Alguna vez habría que rastrear esa invención en su detalle. Por ahora, es obvio que Brasil la simboliza. Y, en el otro extremo, Uruguay representa la garra. Manuel Vázquez Montalbán, gran cronista, dijo hace años que Jorge Valdano le había hablado de un fútbol de izquierda y un fútbol de derecha: “Según me reveló Valdano, el futbol creativo es de izquierdas y el meramente de fuerza, marrullería y patadón es de derechas”, escribió entonces Vázquez y más veces lo dijo Valdano y el concepto quedó fijado, establecido y se repite como se repiten esas cosas.

En esa división, Brasil sería el fútbol de izquierda en todo su esplendor: un fútbol millonario, lujoso, que puede permitirse cualquier vicio.

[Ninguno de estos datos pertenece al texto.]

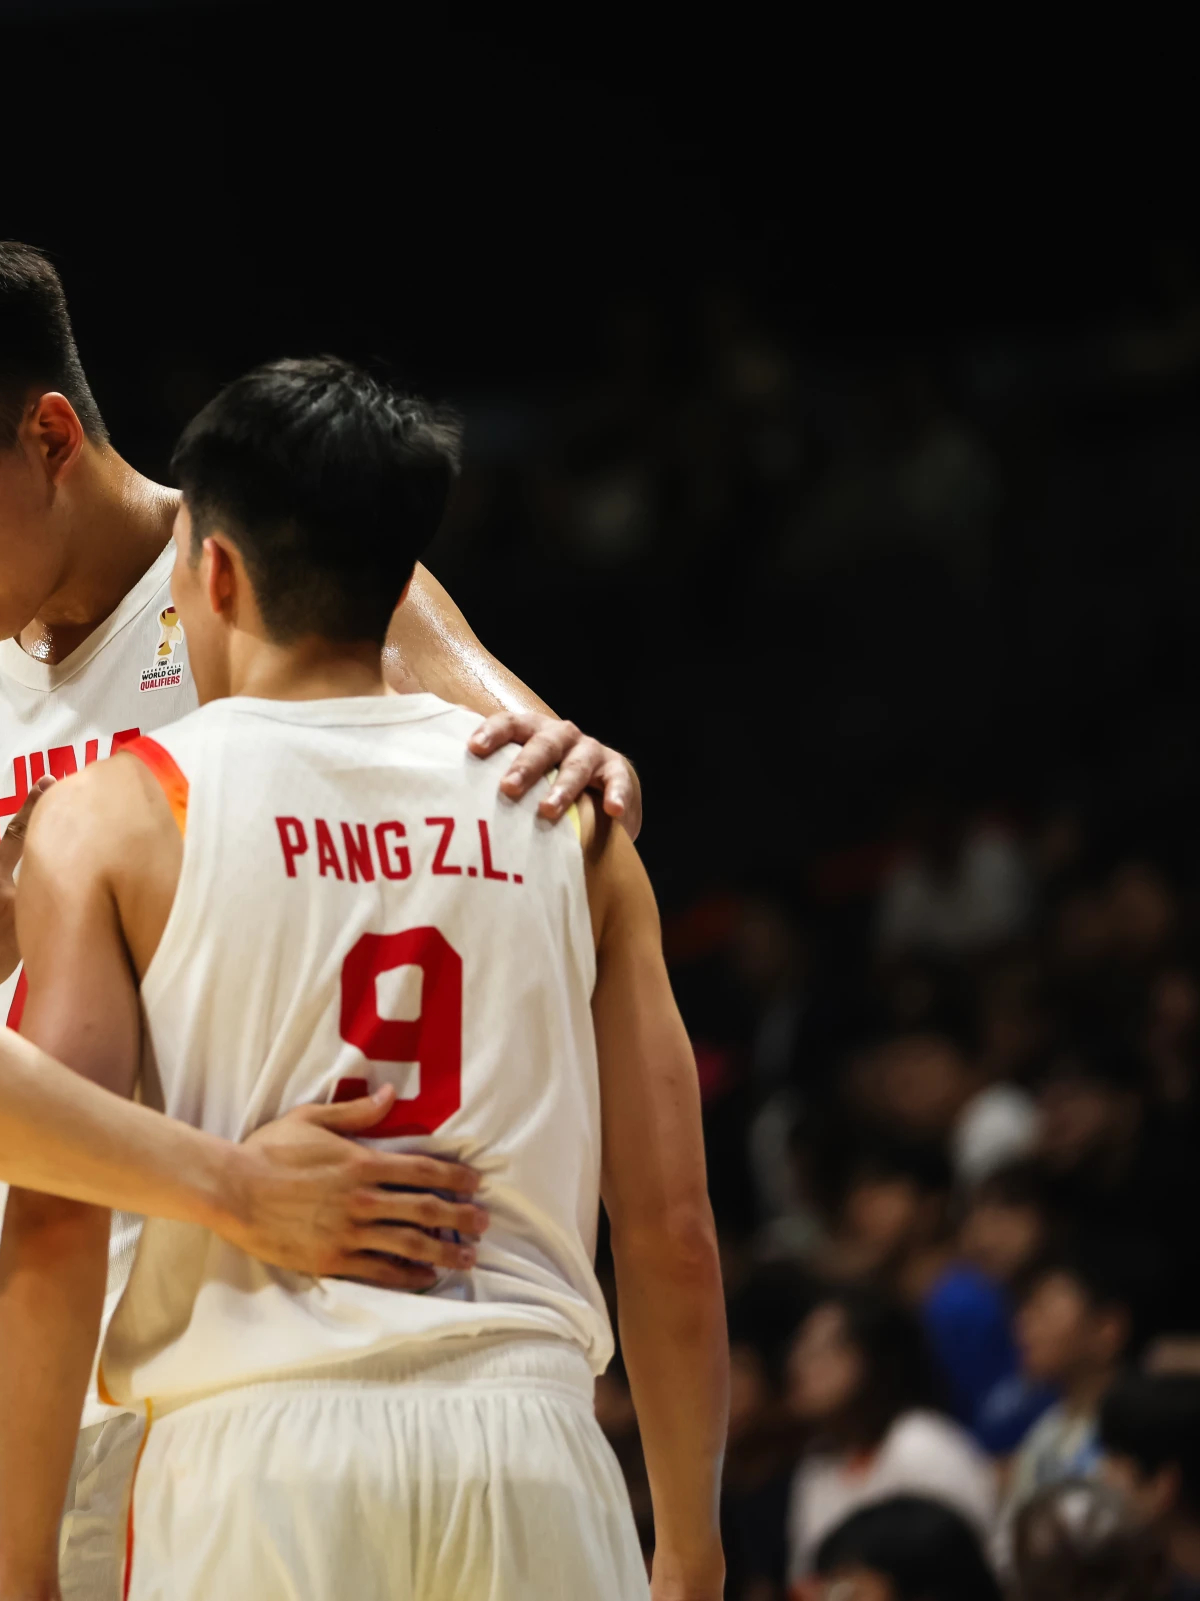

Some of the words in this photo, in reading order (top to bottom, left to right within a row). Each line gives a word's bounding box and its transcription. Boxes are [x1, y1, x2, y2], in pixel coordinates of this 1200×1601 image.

[140, 675, 180, 691] QUALIFIERS
[142, 670, 167, 681] WORLD
[167, 667, 182, 676] CUP
[274, 816, 413, 884] PANG
[424, 816, 524, 884] Z.L.
[329, 925, 463, 1139] 9

El uruguayo, en cambio, sería de derecha: trabajador, humilde, esperanzado. Más extremos en la división más injusta: para ser de izquierda hay que ser rico y llevarse a los mejores jugadores; la derecha queda para los pobres que, como no pueden tenerlos para crear con elegancia, no tienen más remedio que pelearla. Algo huele a podrido en esta lucha de clases.

Si Brasil y Uruguay ganaran sus partidos esas dos maneras chocarían. No es pura ilusión: los dos sudacas vienen mejor que sus rivales europeos. Francia es un equipo que ha tenido muchos problemas para hacer goles —salvo contra Argentina, por supuesto, tan bueno para mejorar a sus contrarios— y Bélgica estuvo a unos minutos de perder con Japón.

Mbappé se interpone en ese plan. No solo es muy buen jugador; es, además, el gran invento de estos días. El aparato mediático mundial necesita producir su nueva estrella, y su gran candidato es el hijo de un senegalés y una argelina nacido en un suburbio pobre de París que, por ahora, ha hecho en este Mundial los mismos goles que Yerry Mina, defensor colombiano.

Pero si despega muchos ganarán mucho. Las grandes marcas, que tanto han hecho por el “fútbol de izquierda”, que tanto facturan con él, darían fortunas por un duelo Neymar-Mbappé, el aspirante y el subaspirante, los dos posibles reemplazos de uno de los mayores negocios de la historia del fútbol, el dizque duelo Messi-Cristiano, que dio de comer a tantos durante los últimos diez años.

Para eso necesitan que Uruguay se quede afuera. El problema es que hay doce o trece muchachos dispuestos a —casi— todo para que eso no pase. Muchachos que quieren volver a ese punto mítico en que basaron, durante tantas décadas, su mejor imagen de sí mismos: el 16 de julio de 1950, Maracaná de Río de Janeiro, cuando Uruguay le ganó ese partido que Brasil no podía perder. Ojalá mañana los dos sudacas dejen en el camino a la vieja alianza franco-belga y nos den, en unos días, ese choque de extremos. Podría ser el partido más emotivo de un Mundial que, por ahora, no ofrece mucha más emoción que los fracasos de las viejas glorias.

Martín Caparrós es periodista y novelista. Sus libros más recientes son Todo por la patria y Postales. Nació en Buenos Aires, vive en Barcelona y es colaborador regular de The New York Times en Español.